Les eaux autour du Svalbard regorgent de diverses espèces de méduses, depuis les véritables méduses comme la méduse à crinière de lion jusqu’aux hydrozoaires et aux cténophores. Les chercheurs se sont concentrés sur quatre espèces d’amphipodes, en utilisant des filets et des pièges appâtés pour la collecte.
Dissection des amphipodes
Grâce à la dissection des amphipodes et au métabarcoding ADN de leur contenu intestinal, l’équipe a pu identifier les restes de leurs proies, révélant un régime alimentaire riche en méduses parmi les espèces étudiées.
Les preuves suggèrent que les méduses, contrairement aux croyances antérieures, jouent un rôle essentiel dans le régime alimentaire des amphipodes de l’Arctique, en particulier pendant les mois d’hiver difficiles.
Un Arctique en évolution rapide
L’étude met également en évidence les implications plus larges de ces résultats dans le contexte de l’environnement arctique en évolution rapide.

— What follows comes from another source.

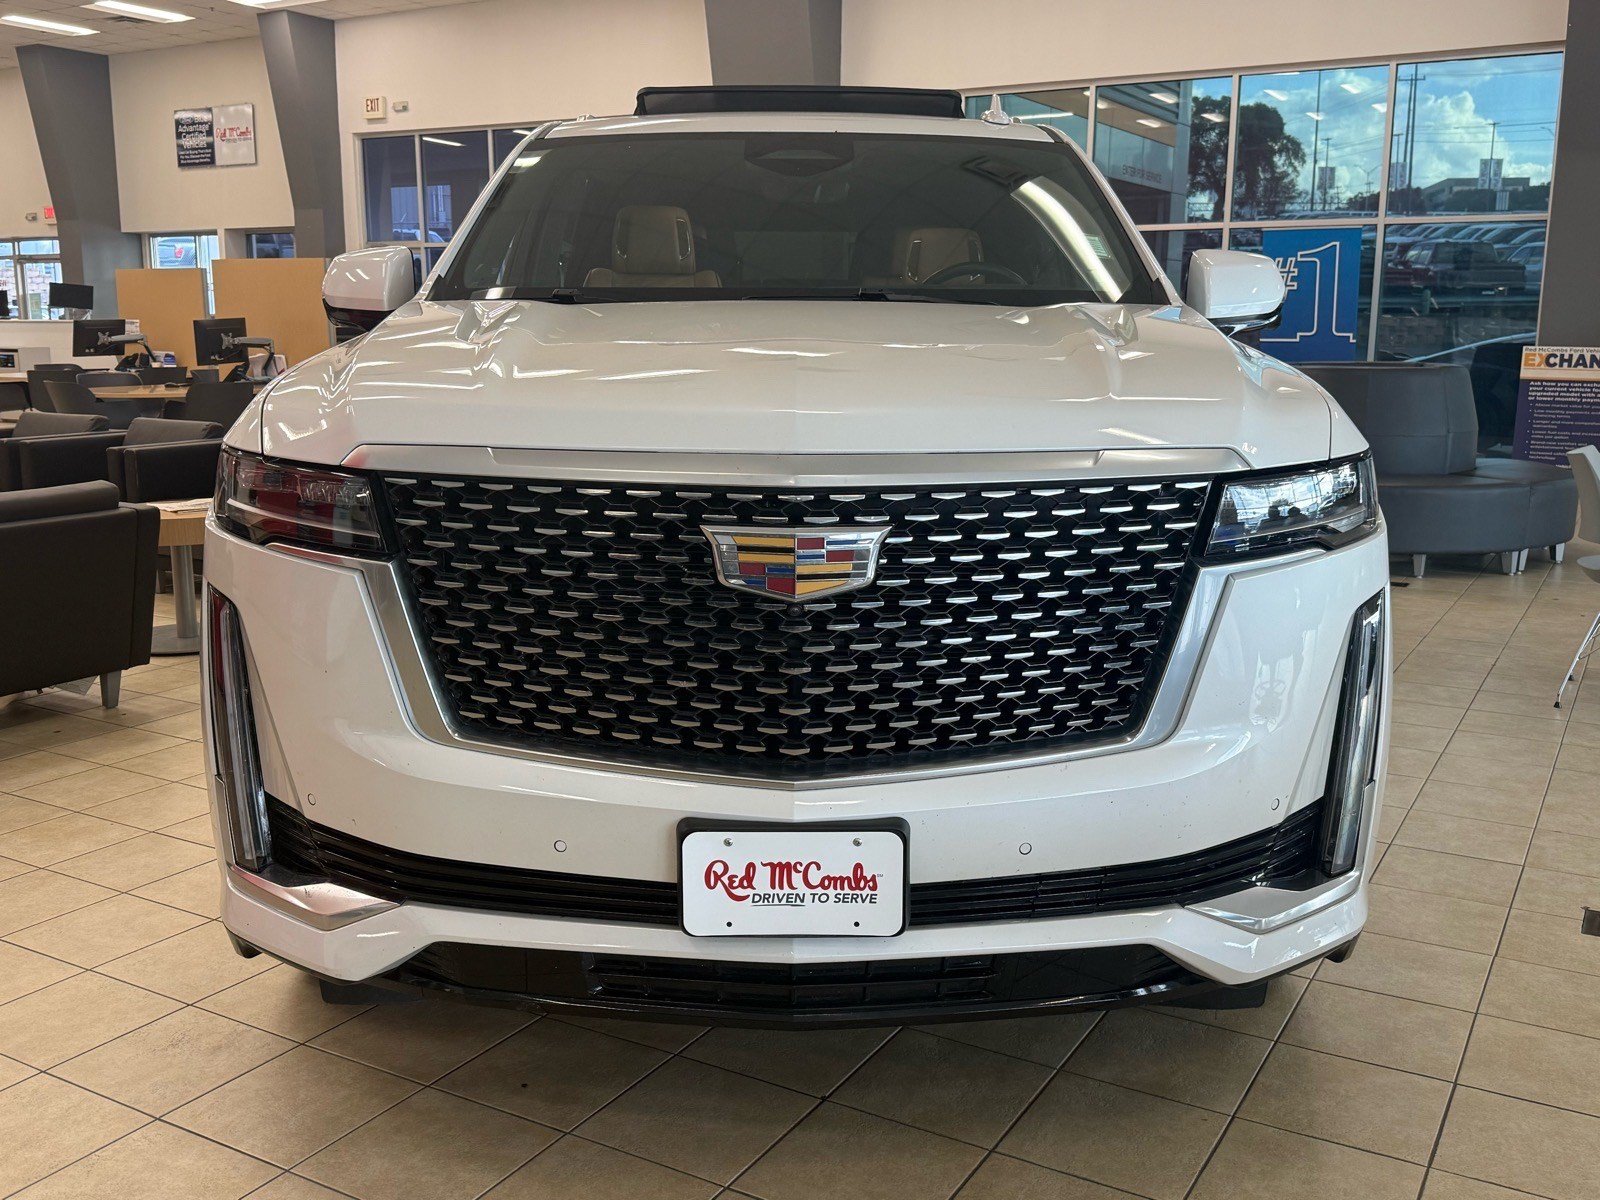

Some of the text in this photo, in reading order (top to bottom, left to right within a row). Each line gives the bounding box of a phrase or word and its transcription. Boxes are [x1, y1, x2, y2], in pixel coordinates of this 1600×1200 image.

[366, 98, 379, 112] EXIT
[704, 859, 878, 902] Red McCombs
[751, 892, 877, 904] DRIVEN TO SERVE

Le phénomène connu sous le nom d’« Atlantification » – la propagation vers le nord des espèces de méduses de l’océan Atlantique en raison du réchauffement des eaux – pourrait encore amplifier l’importance des méduses en tant que source de nourriture au sein des réseaux trophiques de l’Arctique.
Alors que l’Arctique se réchauffe à un rythme record, comprendre la dynamique de ces réseaux trophiques et le rôle des méduses en leur sein devient de plus en plus crucial.
Une proie négligée
« Il y a eu récemment un changement de paradigme dans la littérature sur la biologie marine qui reconnaît que loin d’être une » impasse trophique « , les méduses sont en fait mangées par un large éventail d’organismes », a déclaré le Dr Charlotte Havermans, co-auteur de l’étude. « Nos observations corroborent ce changement majeur dans la façon dont les scientifiques perçoivent le rôle des méduses dans la chaîne alimentaire. »
« Comme les tissus des méduses sont rapidement digérés, elles ont peut-être été négligées en tant que proies dans des études précédentes, qui, contrairement à notre étude, reposaient sur l’identification visuelle des aliments pour déterminer le régime alimentaire des invertébrés de l’Arctique. »
Implications plus larges
Alors que l’Arctique continue de subir de profonds changements environnementaux, des recherches plus approfondies sur le régime alimentaire des invertébrés marins et des poissons seront essentielles pour élucider les interactions complexes qui soutiennent ces écosystèmes uniques.
La recherche jette les bases d’études futures, ouvrant de nouvelles voies pour explorer la résilience de la vie marine arctique face au changement climatique.
« Pour avoir une meilleure idée du rôle des méduses dans le réseau trophique marin de l’Arctique et de la manière dont cela pourrait changer lorsque leurs populations augmenteront dans le « nouvel Arctique », nous prévoyons d’étudier plus en détail le régime alimentaire d’autres invertébrés et poissons qui se nourrissent potentiellement de ces espèces. méduse », a déclaré Dischereit.
« Des questions subsistent, par exemple, si les méduses font régulièrement partie du régime alimentaire des amphipodes ou si elles constituent simplement un aliment de survie pendant la nuit polaire. »
L’étude est publiée dans la revue Frontières des sciences marines.